Insbesondere bei Heranziehung des Discounted-Cashflow-Verfahrens für die Bewertung von Einzelhanselsliegenschaften und der Ermittlung von deren Verkehrswert konnte eine Veränderung des Diskontierungszinssatzes zur Abzinsung der Zahlungsströme im Detailbetrachtungszeitraum (meist betrifft dies einen Zeitraum von zehn Jahren) festgestellt werden. Der Kapitalisierungszinssatz, der zur Kapitalisierung der Erträge (nach dem Detailbetrachtungszeitraum) in Form einer ewigen Rente herangezogen wird, erfuhr hingegen keine oder nur geringe Anpassungen. Im direkten Vergleich - anhand der Bewertungen derselben Einkaufszentren vor und nach der Pandemie - war bei der weitaus überwiegenden Mehrheit der Objekte eine Anhebung des Diskontierungszinssatzes um 15 bis 40 Basispunkte zu beobachten. Meist wurden ebenfalls im ersten Jahr des Detailbetrachtungszeitraums Mietzinsausfälle von 10 bis 35 Prozent der unter normalen Umständen lukrierbaren Mieten berücksichtigt. Generell werden hier höhere prozentuelle Ausfallsraten bei Umsatzmieten als bei Fixmieten in der Bewertung angenommen. Zu erwarten sind aufgrund der vorherrschenden Unsicherheiten eher kontinuierliche Anpassungen in Form von Abwertungen - über die nächsten Stichtage - als sprunghafte Anpassungen zum aktuellen Stichtag.
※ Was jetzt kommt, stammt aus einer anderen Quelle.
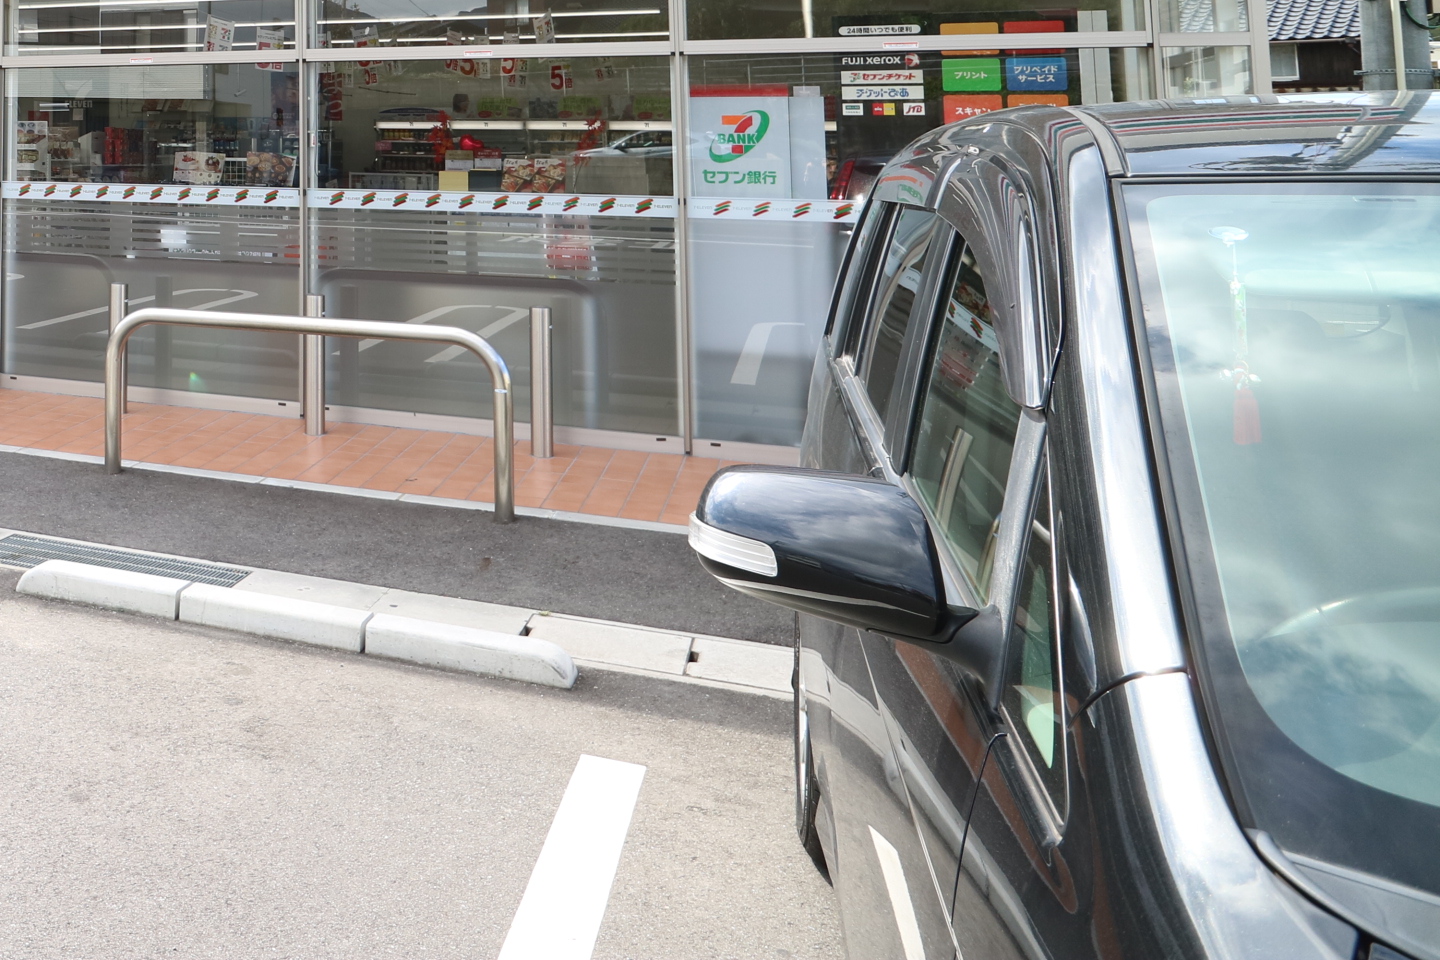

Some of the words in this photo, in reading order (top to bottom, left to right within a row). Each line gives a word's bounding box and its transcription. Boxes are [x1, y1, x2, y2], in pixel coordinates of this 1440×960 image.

[846, 26, 913, 34] 24時間いつでも便利
[842, 57, 864, 65] FUJI
[866, 56, 901, 65] xerox
[1013, 65, 1058, 75] プリペイド
[862, 73, 916, 81] セブンチケット
[954, 71, 988, 79] プリント
[1018, 74, 1056, 83] サービス
[856, 88, 909, 98] チケットぴあ
[905, 105, 923, 114] JTB
[717, 133, 758, 145] BANK
[721, 115, 753, 154] 7
[702, 169, 777, 185] セブン銀行
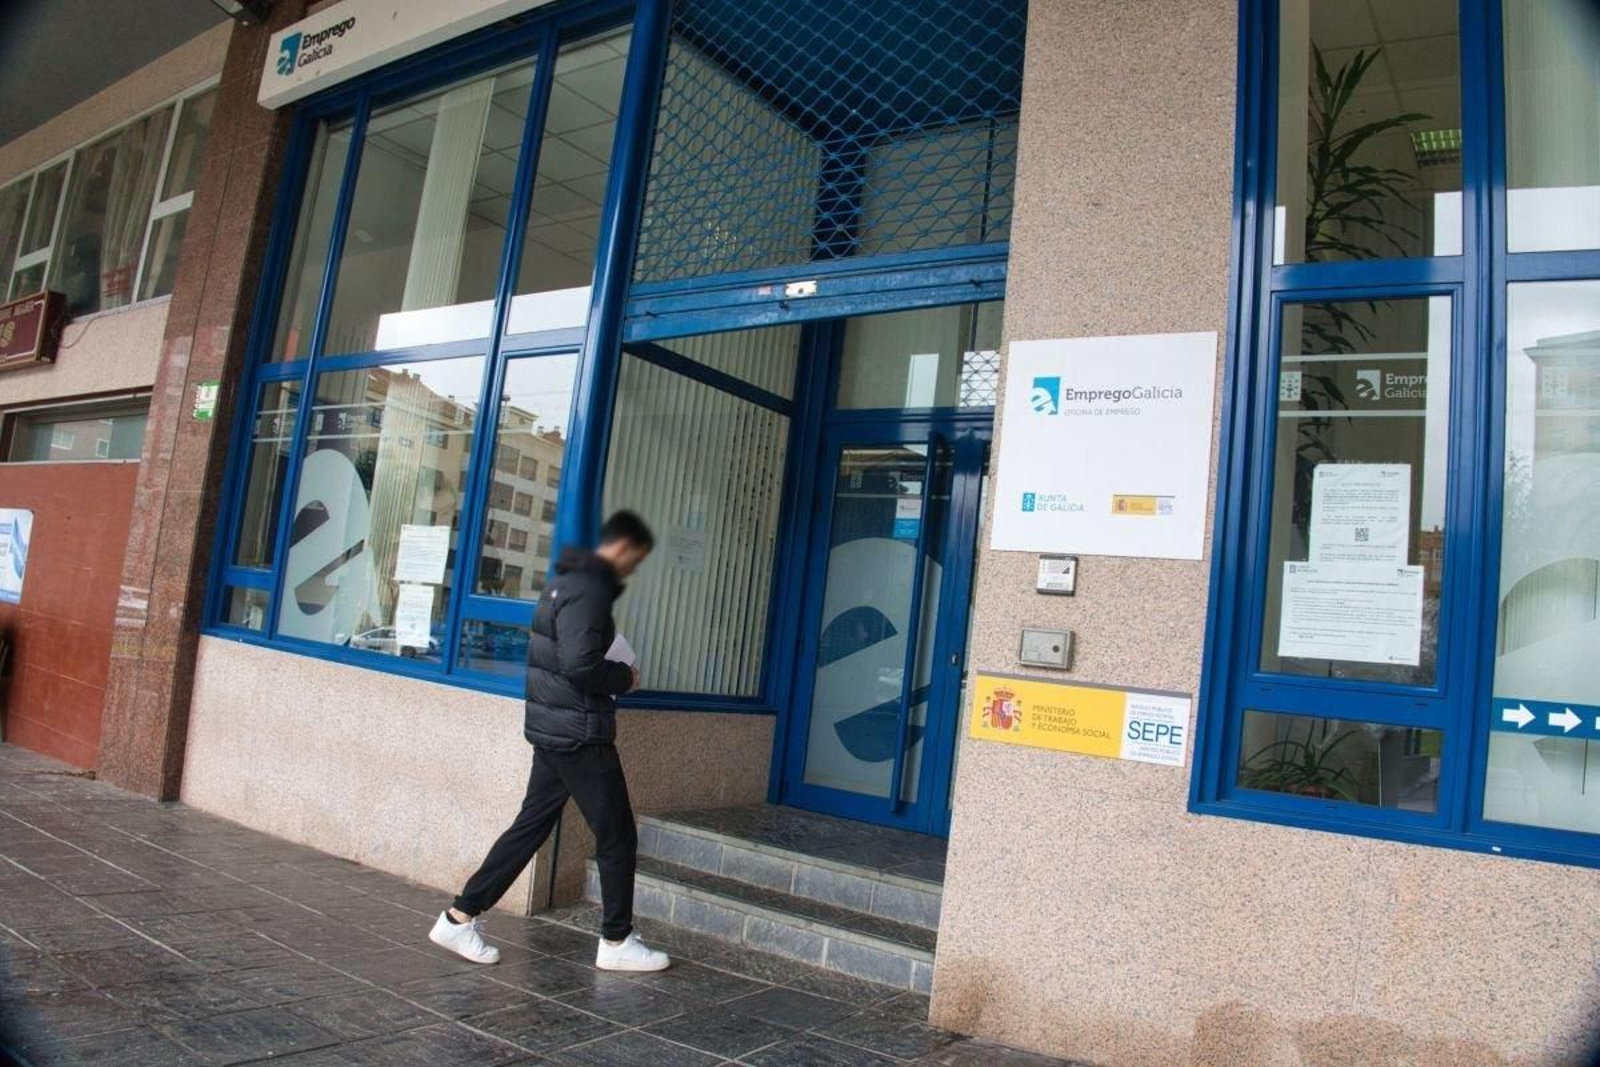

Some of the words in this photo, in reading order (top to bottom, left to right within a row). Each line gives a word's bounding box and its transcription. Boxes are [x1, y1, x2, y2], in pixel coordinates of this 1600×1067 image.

Eine Analyse der Liegenschaftszinssätze für Mietwohnhäuser und Mietwohngeschäftshäuser in Berlin für die Jahre 2018 bis 2020 ergab einen tendenziellen Anstieg der Liegenschaftszinssätze. In der Publikation zu den Liegenschaftszinssätzen für 2020 wird jedoch darauf hingewiesen, dass nur eine geringere Zahl an Verkaufsfällen zur Ableitung der Liegenschaftszinssätze vorlag als in den Vorjahren und mögliche Einflüsse auf die Liegenschaftszinssätze aufgrund der Pandemie und der gesetzlichen Regelungen zum sogenannten Mietendeckel nicht mit Sicherheit erkannt werden konnten. Auf den österreichischen Markt lässt sich dies nicht direkt übertragen. Seit jeher ist das typische Wiener Zinshaus als Anlageform aufgrund seiner "Sicherheit" beliebt. Jedoch wird es einen Anpassungsbedarf beim Liegenschaftszinssatz geben, vor allem in Abhängigkeit davon, ob und in welcher Höhe (bezogen auf die gesamte Miet-/Nutzfläche des Gebäudes oder die Höhe des Mietzinsanteiles am lukrierbaren Gesamtmietertrag) ein Anteil von Gewerbeflächen im Gebäude vorhanden ist.
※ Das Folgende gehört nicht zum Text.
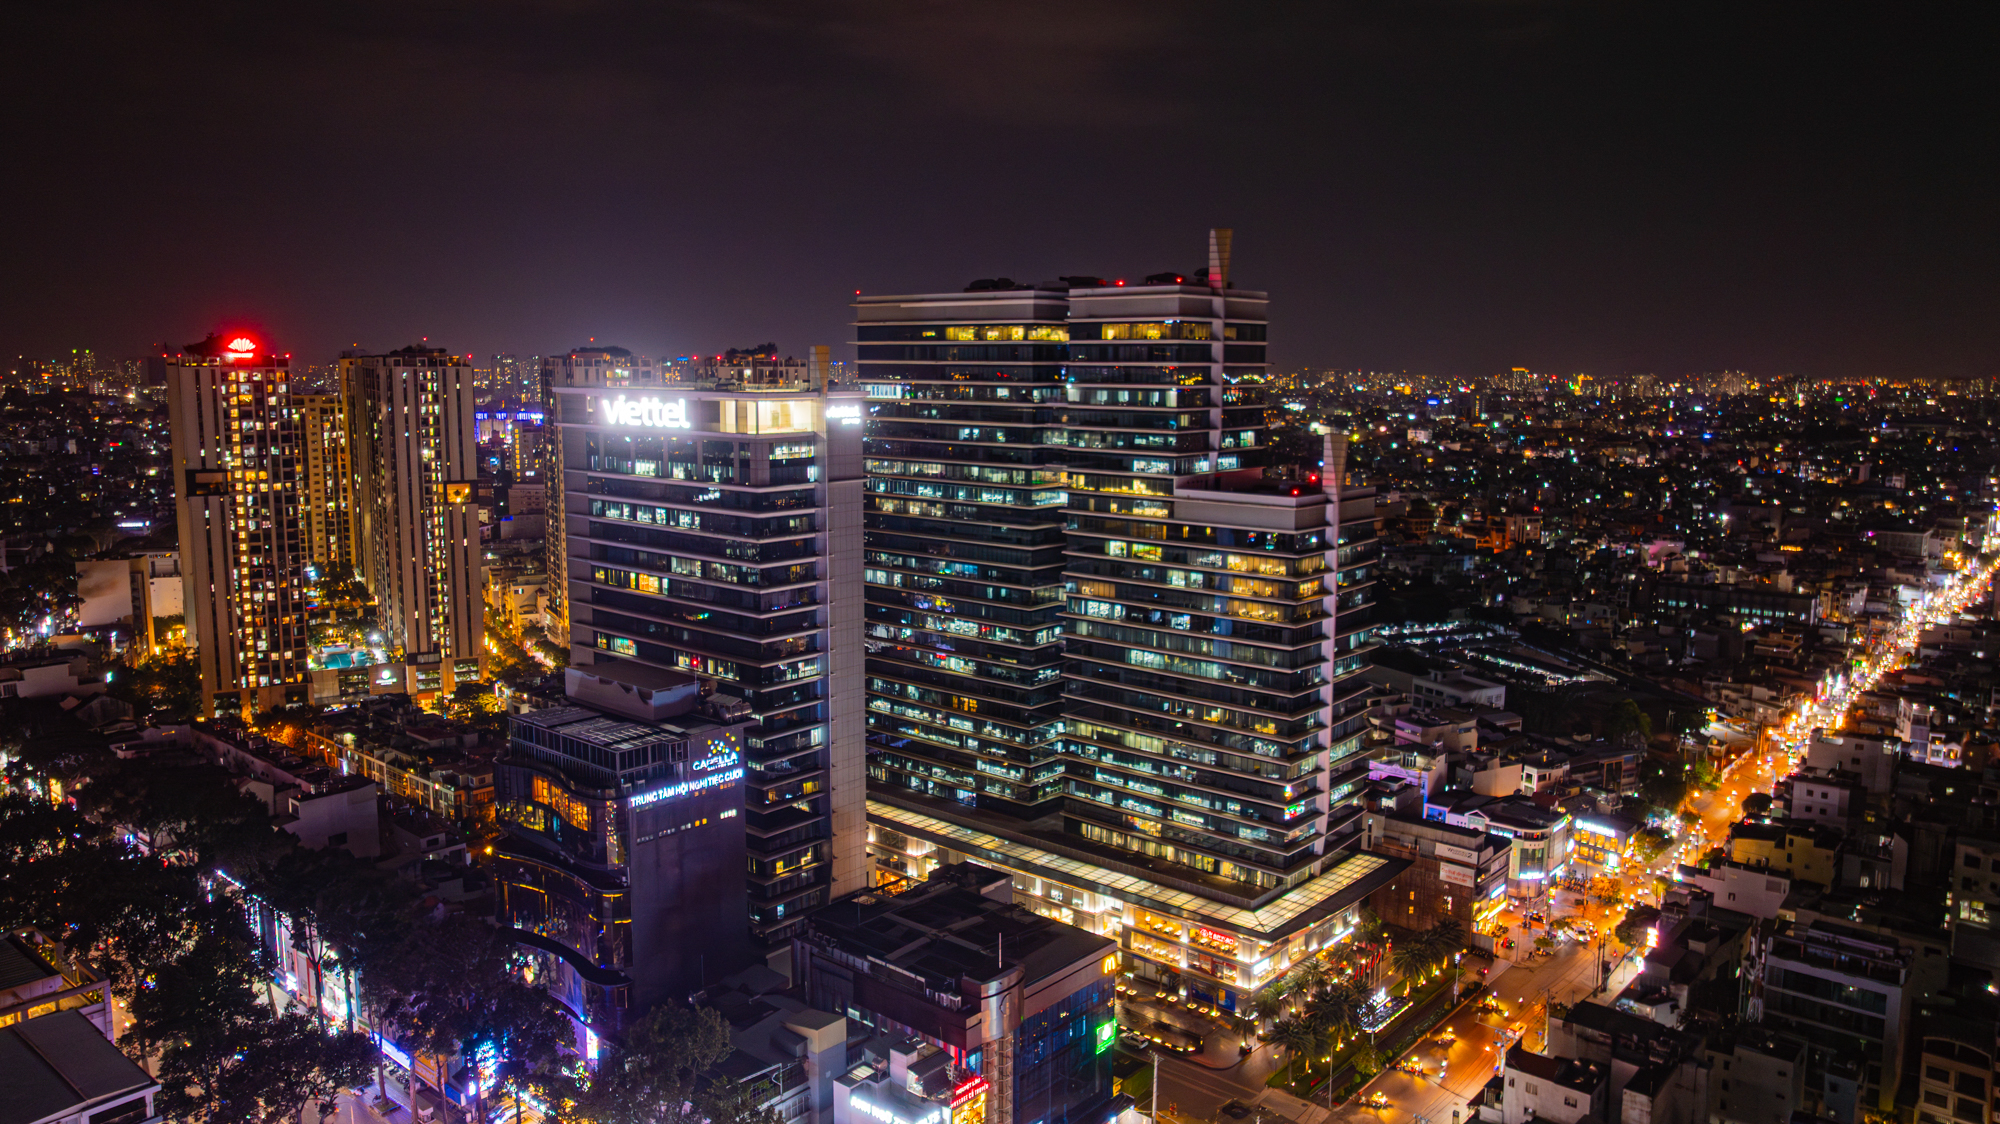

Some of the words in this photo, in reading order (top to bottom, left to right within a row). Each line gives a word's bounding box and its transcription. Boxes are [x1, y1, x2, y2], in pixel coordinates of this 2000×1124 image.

[602, 395, 690, 428] viettel
[693, 752, 738, 770] CAPELLA
[630, 791, 657, 807] TRUNG
Zusammenarbeit zwischen Mieter und Vermieter

Der dritte Lockdown stellt für Betriebe nun erneut eine finanzielle Herausforderung dar. In Bezug auf die Werthaltigkeit einer Immobilie wird nun vieles von der mehr denn je wichtigen Zusammenarbeit zwischen Mieter und Vermieter abhängen. Ist der Vermieter unter Umständen bereit, eine Zeit lang auf Mietzahlungen (gänzlich oder zum Teil) zu verzichten, um so einen möglicherweise längeren Leerstand, der unter Umständen mit höheren Kosten für Incentives und Refurbishments bei der Neuvermietung einhergehen würde, zu verhindern?

Abwertungsbedarf wird es in Abhängigkeit von der Assetklasse, der Marktaussicht und etwaigen tatsächlich ausbleibenden Mietzinszahlungen vielerorts sicher geben. Ein generelles Bewertungsrezept gibt es allerdings - wie schon vor der Covid-19-Pandemie - nicht. Die Immobilienbewertung ist und bleibt eine Einzelfallbeurteilung, die jeder Gutachter aufgrund seiner Expertise, des Marktumfeldes und der Faktenlage fällen muss.